Common Formulas


The following formulas are in the order in which you learn about them in this textook. Use the Table of Contents to look for a specific equation.

Descriptive Statistics

Mean

$\displaystyle \bar{X} = \dfrac{\sum X}{N}$

Standard Deviation

$s=\sqrt{\dfrac{\sum(X-\overline {X})^{2}}{N-1}}$

Which is also: $$s=\sqrt{\dfrac{\sum(X-\overline {X})^{2}}{N-1}}=\sqrt{\dfrac{S S}{d f}}$$

Some instructors prefer this formula because it is easier to calculate (but more difficult to see what's happening):

$\sqrt{ \dfrac{\left(\sum(X^2) - \dfrac{(\sum{X})^2}{N}\right)}{(N-1)}}$

z-score

To find the z-score when you have a raw score:

$z=\frac{X-\bar{X}}{s}$

To find a raw score when you have a z-score:

$x=z s+\overline{X}$

t-tests

One-Sample t-test

These are the same formulas, but formatted slightly differently.

$t = \cfrac{(\bar{X}-\mu)}{\left(\cfrac{s} {\sqrt{n}}\right)}$

Confidence Interval

$\text {Margin of Error }=t \times \left(\dfrac{s}{\sqrt{N}}\right) \nonumber$

$\text { Confidence Interval }=\overline{X} \pm (t \times \left(\dfrac{s}{\sqrt{N}}\right))$

Independent Sample t-test

Unequal N

You can always use this formula:

$t=\dfrac{(\bar{X}_{1}-\bar{X}_{2})}{\sqrt{\left[\dfrac{\left(n_{1}-1\right) \times s_{1}^{2} + \left(n_{2}-1\right) \times s_{2}^{2}}{n_{1}+n_{2}-2}\right] \times \left(\dfrac{1}{n_{1}} + \dfrac{1}{n_{2}}\right)}}$

Equal N

You should only use this formula when your two independent groups are the same size (N), meaning the same number of people in each group.

$\dfrac{(\bar{X_1} - \bar{X_2})}{\sqrt{\left(\frac{s_1^2}{N_1}\right)+\left(\frac{s_2^2}{N_2}\right)}}$

Dependent Sample t-test

Conceptual Formula (symbols)

$t = \cfrac{\overline{X}_{D}}{\left(\cfrac{s_{D}}{\sqrt{N}} \right)}$

Full Formula

$t = \cfrac{ \left(\cfrac{\Sigma {D}}{N}\right)} { {\sqrt{\left(\cfrac{\sum\left((X_{D}-\overline{X}_{D})^{2}\right)}{(N-1)}\right)} } /\sqrt{N} }$

$S S_{B}=\sum_{EachGroup} \left[ \left(\overline{X}_{group}-\overline{X}_{T}\right)^{2} \times (n_{group}) \right]$

$S S_{W}=\sum_{EachGroup} \left[ \sum \left(\left(X-\overline{X}_{group}\right)^{2}\right) \right]$

$S S_{T}=\sum \left[ \left(X - \overline{X}_{T}\right)^{2} \right]$

$HSD = q \times \sqrt{\dfrac{MSw}{n_{group}}}$

Same as above.

$SS_{Ps} = \left[\sum{\left(\dfrac{(\sum{X_{Ps}})^2}{k}\right)}\right] -\dfrac{\left((\sum{X})^2\right)}{N}$

$SS_{WG} = SS_{T} - SS_{BG} - S_{P} \nonumber$

Same as above.

Pearson's r (Correlation)

The following formulas are the same.
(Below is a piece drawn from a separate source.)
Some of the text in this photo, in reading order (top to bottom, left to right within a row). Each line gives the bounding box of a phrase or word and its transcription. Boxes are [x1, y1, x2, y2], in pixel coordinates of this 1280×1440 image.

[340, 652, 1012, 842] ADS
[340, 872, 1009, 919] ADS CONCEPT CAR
Use the first one when you already have the standard deviation calculated.

These are paired data, so N is the number of pairs.

$r= \cfrac{ \left( \cfrac{\sum ((x_{Each} - \bar{X_x})\times(y_{Each} - \bar{X_y}) ) }{(N-1)}\right) } {(s_x \times s_y)}$

SD Not Calculated:

$r = \cfrac{ \left( \cfrac{\sum ((x - \bar{X_x})\times(y - \bar{X_y}) ) }{(N-1)}\right) } {\left( \sqrt{\dfrac{\sum\left((x-\overline {X_x})^{2}\right)}{N-1}} \right) \times \left( \sqrt{\dfrac{\sum\left((y-\overline {X_y})^{2}\right)}{N-1}} \right)}$

Regression Line Equation

$\widehat{\mathrm{Y}}=\mathrm{a}+(\mathrm{b}\times{X})$

a (intercept):

$\mathrm{a}=\overline{X_y}- (\mathrm{b} \times \overline{X_x})$

b (slope):

$\dfrac{\sum(Diff_{x} \times Diff_{y})}{\sum({Diff_{X}}^2)}$

In which "Diff" means the differences between each score and that variable's mean.
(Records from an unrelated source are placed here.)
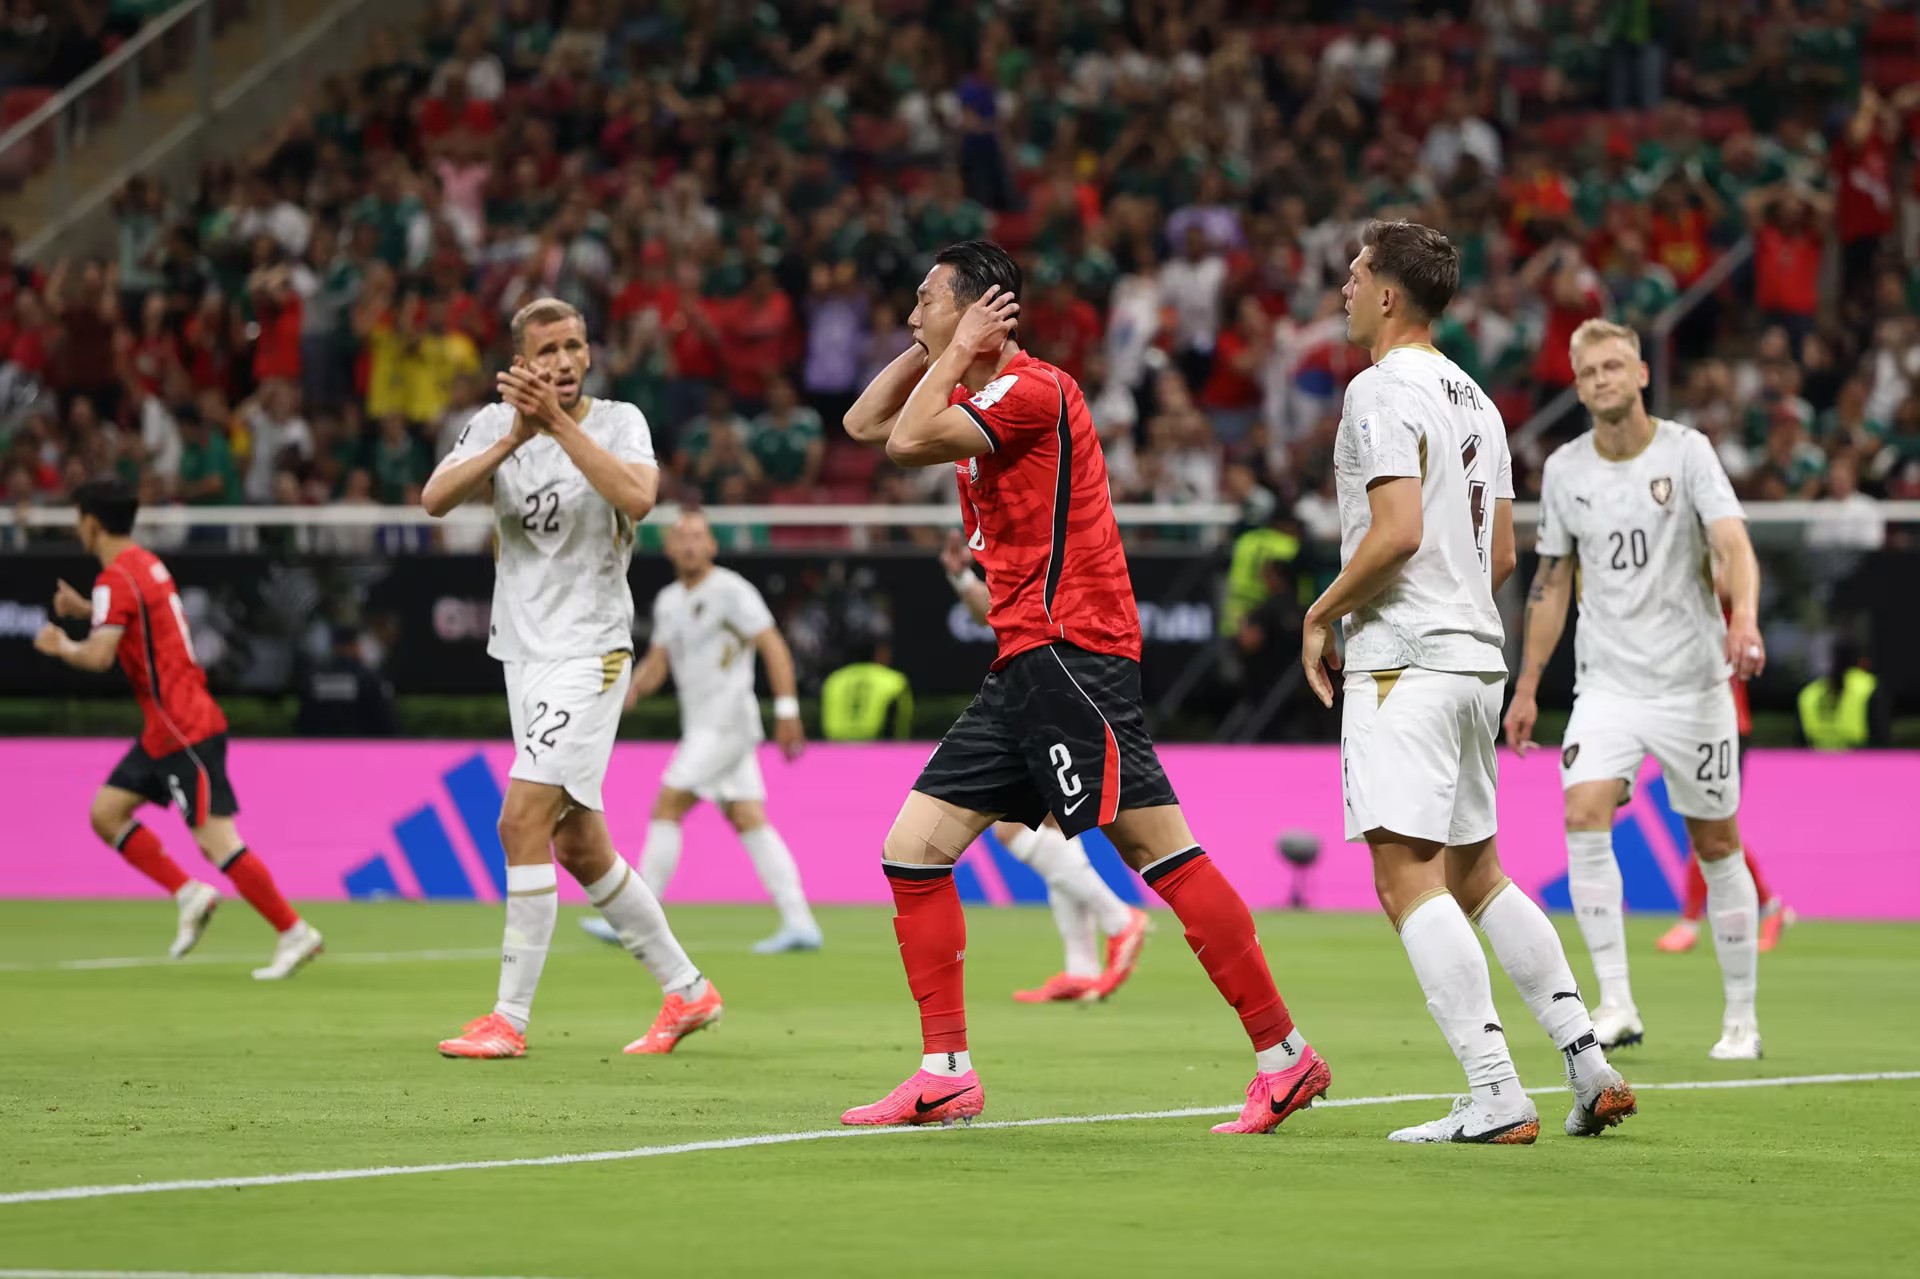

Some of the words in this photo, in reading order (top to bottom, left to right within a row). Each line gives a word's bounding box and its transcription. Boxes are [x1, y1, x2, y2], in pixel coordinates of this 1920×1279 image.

[522, 492, 560, 533] 22
[1608, 528, 1649, 571] 20
[526, 701, 571, 748] 22
[1049, 743, 1083, 797] 2
[1696, 740, 1731, 782] 20
Pearson's $$\chi^2$$ (Chi-Square)

$\chi^{2}=\sum_{Each}\left(\dfrac{\left(E-O\right)^{2}}{E} \right)$

Expected Frequencies

Goodness of Fit:

$\dfrac{N}{k}$

Test of Independence:

$E_{EachCell}=\dfrac{RT \times CT}{N}$

In which RT = Row Total and CT = Column Total